In February 2008, my niece asked me about a song called “Kiss Kiss” by Chris Brown. I had never heard of Chris Brown, which I took as a sign that I was getting old. The fact that I referred to his music as being on an “album” instead of a “CD” was further evidence of my advancing years. And this was before streaming made both terms obsolete.

The Song

“Kiss Kiss” featuring T-Pain was released in 2007 on Chris Brown's second studio album, “Exclusive.” It was a massive hit, reaching number one on the Billboard Hot 100. The combination of Brown's vocals and T-Pain's signature Auto-Tune sound defined a particular moment in pop and R&B music. If you were anywhere near a radio in late 2007 or early 2008, you heard this song constantly.

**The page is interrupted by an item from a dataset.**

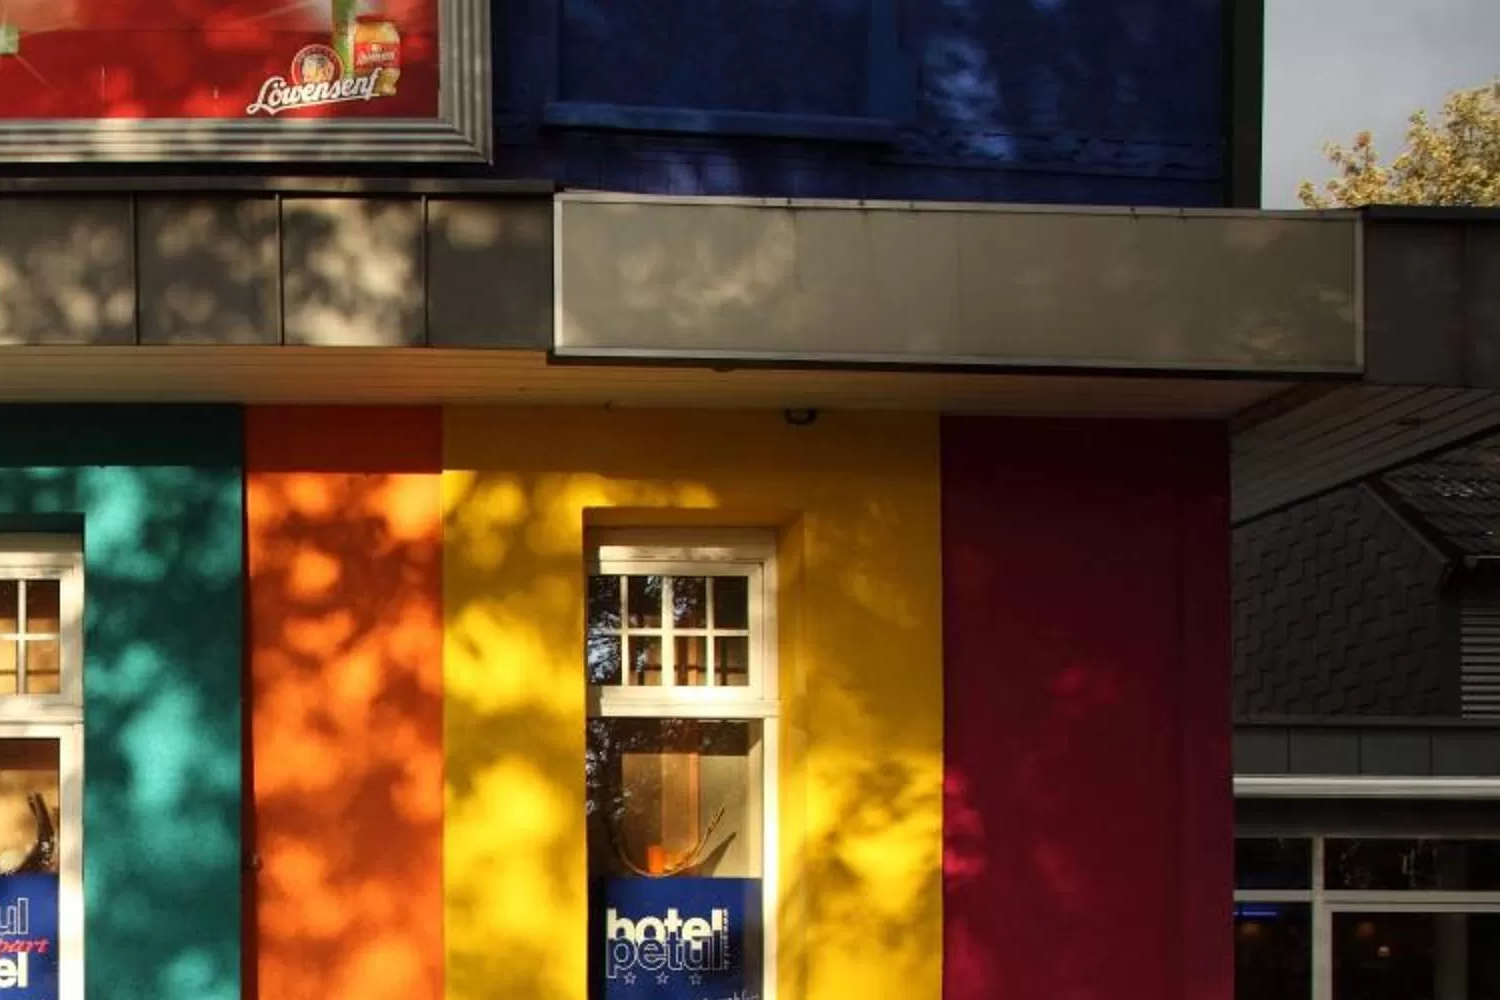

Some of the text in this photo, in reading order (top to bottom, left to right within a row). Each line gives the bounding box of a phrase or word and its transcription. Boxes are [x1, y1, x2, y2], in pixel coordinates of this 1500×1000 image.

[246, 67, 382, 115] Löwensenf
[606, 908, 723, 949] hotel
[605, 930, 724, 979] petul

At the time I wrote the original post, I was puzzled by a $30 price tag for what appeared to be a CD single on Amazon. The pricing of physical music media in the late 2000s was bizarre in hindsight, especially as digital music was about to make physical singles completely irrelevant.

How We Consume Music Now

This post is a perfect time capsule of how dramatically music consumption has changed. In early 2008, you still bought music on physical media or paid per track on iTunes. Spotify did not launch in the United States until 2011. The idea that you would someday have access to virtually all recorded music for a monthly subscription fee was still science fiction for most consumers.

In 2026, streaming dominates music consumption. Spotify, Apple Music, YouTube Music, and other platforms have made the concept of “buying” individual songs feel antiquated. My niece's kids probably cannot imagine a world where you had to purchase each song separately.

The Generation Gap and Cultural Currency

The real charm of this original post was the generational humor. Not knowing who Chris Brown was in 2008 was the mark of someone over 30. Every generation has its version of this experience: the moment you realize the biggest pop star in the world is someone you have never heard of.

That experience has only intensified in the streaming era. Music discovery is now so fragmented across algorithms, playlists, and social media trends that people in the same household can have completely different musical universes. The monoculture of radio hits that made “Kiss Kiss” unavoidable in 2007 has been replaced by a long tail of niches where everyone listens to something different.